Nature et étangs

Les oiseaux des étangs de la Dombes : un refuge exceptionnel en Europe

Plus de 270 espèces d'oiseaux fréquentent les étangs de la Dombes. Migration, nidification et observation dans l'un des plus riches sites ornithologiques de France.

Hérons cendrés et aigrettes posés sur un étang de la Dombes
Photo : Benoît Prieur · CC0 · Wikimedia Commons · source

La Dombes compte près de mille étangs répartis en cascade sur un plateau de l’est de l’Ain. Ce réseau de plans d’eau, façonné par les moines au Moyen Âge puis entretenu par les paysans au fil des siècles, forme aujourd’hui l’un des plus riches sites ornithologiques d’Europe continentale. Plus de 270 espèces y sont recensées : nicheuses sédentaires, migratrices de passage ou hivernantes.

Des espèces emblématiques

Le héron cendré est le plus familier des occupants permanents. Immobile au bord d’un filet d’eau, il guette poissons et batraciens avant de harponner sa proie d’un coup de bec vif. On le rencontre en toutes saisons, seul ou en petits groupes.

L’aigrette garzette, plus svelte et entièrement blanche, s’est installée en Dombes à partir des années 1970. Elle niche désormais en colonies dans les roselières, souvent associée à d’autres Ardéidés. Le blongios nain, plus petit héron d’Europe, reste beaucoup plus discret. Tapi dans la végétation des berges, il se trahit surtout par son chant aboyant au printemps.

D’autres espèces fréquentent les étangs selon la saison : le grèbe huppé en plumage nuptial dès mars, la foulque macroule par dizaines en hiver, le canard souchet et le canard chipeau lors des migrations, le balbuzard pêcheur en halte au printemps et à la fin de l’été.

Les temps forts de la migration

Les déplacements transforment la Dombes deux fois par an. De fin février à avril, les nicheurs reviennent des quartiers d’hiver africains. Les étangs se couvrent de vanneaux huppés, de chevaliers et de canards de surface en parade. C’est la période où les colonies de hérons se reconstituent et où les chants résonnent à l’aube dans les roseaux.

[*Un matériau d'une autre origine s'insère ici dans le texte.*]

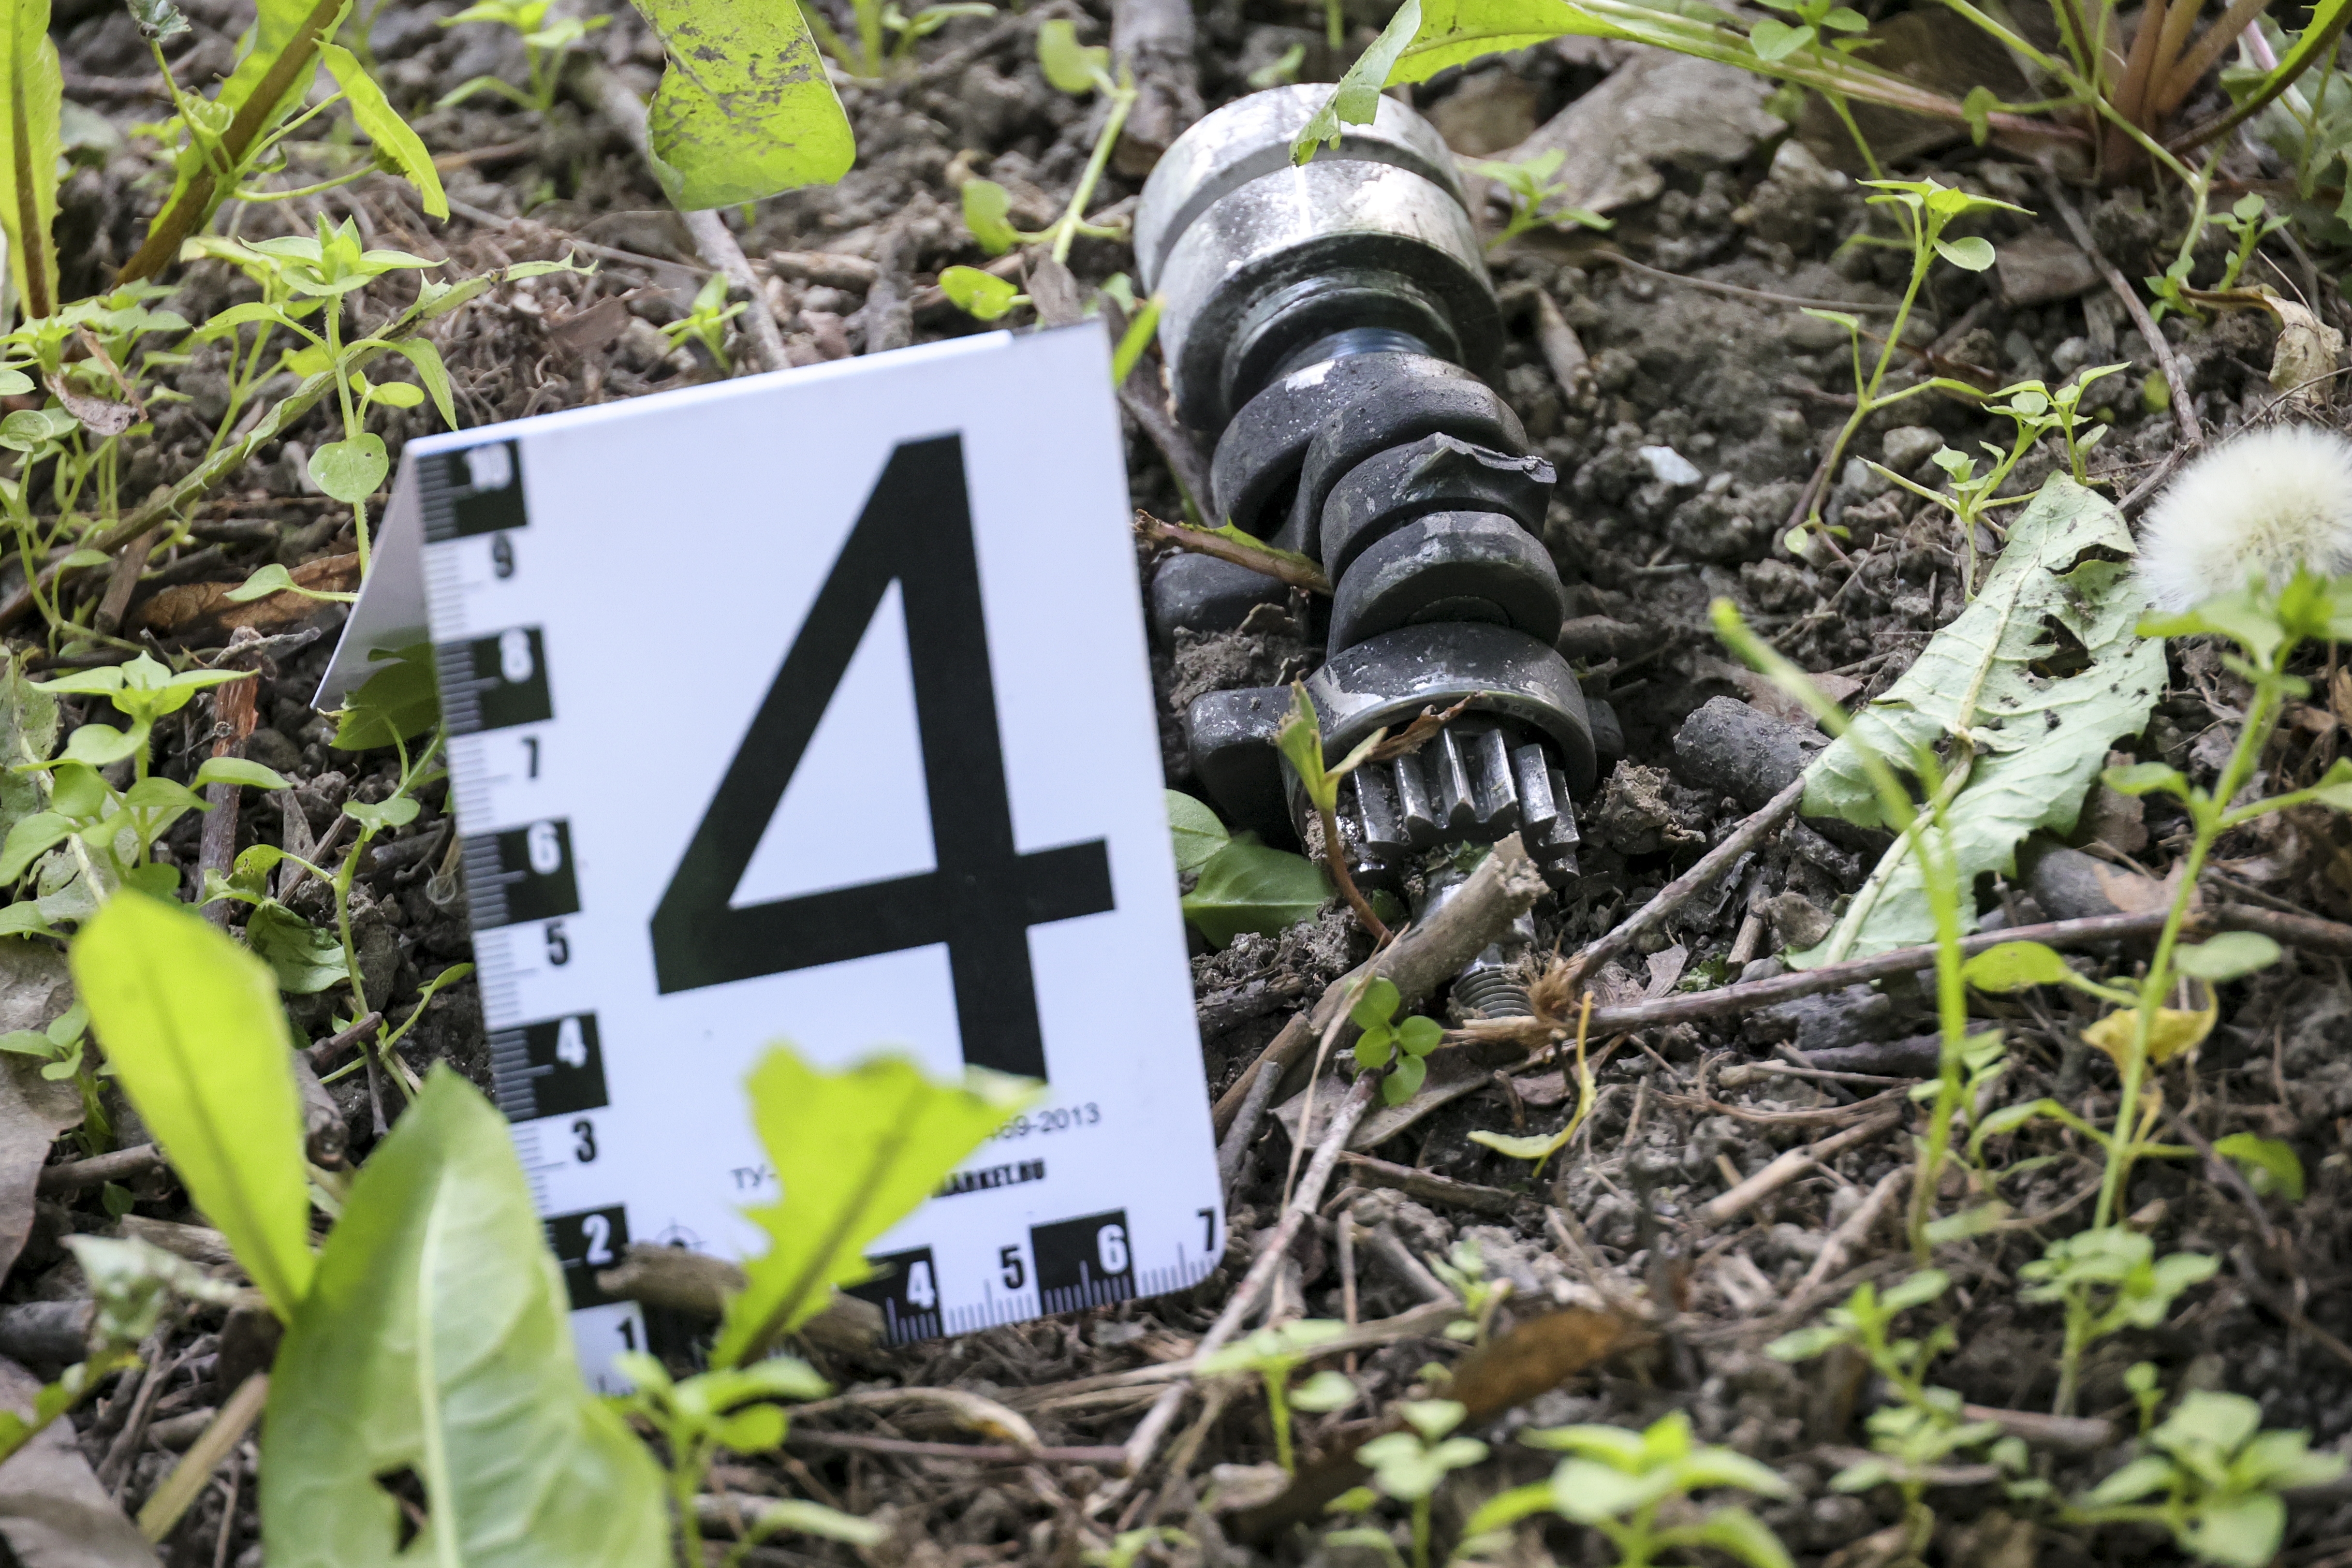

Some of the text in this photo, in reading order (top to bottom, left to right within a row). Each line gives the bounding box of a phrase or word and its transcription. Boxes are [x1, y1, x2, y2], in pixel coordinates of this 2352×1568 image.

[492, 533, 514, 579] 9
[499, 629, 533, 683] 8
[521, 736, 539, 780] 7
[649, 430, 1116, 1084] 4
[528, 821, 561, 875] 6
[544, 920, 570, 966] 5
[556, 1016, 588, 1068] 4
[573, 1117, 597, 1162] 3
[582, 1214, 613, 1264] 2
[906, 1207, 1215, 1310] 4 5 6 7
[617, 1317, 635, 1352] 1

À l’automne, de septembre à novembre, le mouvement s’inverse. Les limicoles font halte sur les étangs vidés pour la pêche. La pratique de l’assec, qui consiste à vider un étang tous les deux ou trois ans pour récolter le poisson puis cultiver le fond, met temporairement à nu la vase et attire une faune différente. Les grues cendrées survolent parfois la région en vols compacts et bruyants.

Où observer

Le secteur nord de la Dombes, autour de l’Étournel et des communes de Birieux et de Lapeyrouse, concentre plusieurs sites d’observation de qualité. Des postes en bois, accessibles par des sentiers, permettent de contempler les oiseaux sans les déranger. Le Conservatoire d’espaces naturels Auvergne-Rhône-Alpes gère des dizaines d’hectares de zones humides dans la région et publie régulièrement des données sur les populations nicheuses et les effectifs migrateurs.

Les matinées de printemps, entre six et neuf heures, offrent l’activité la plus dense. Prévoyez des jumelles et des chaussures adaptées aux chemins parfois boueux. La règle d’or reste la même : la discrétion préserve la tranquillité des oiseaux et la qualité de l’observation.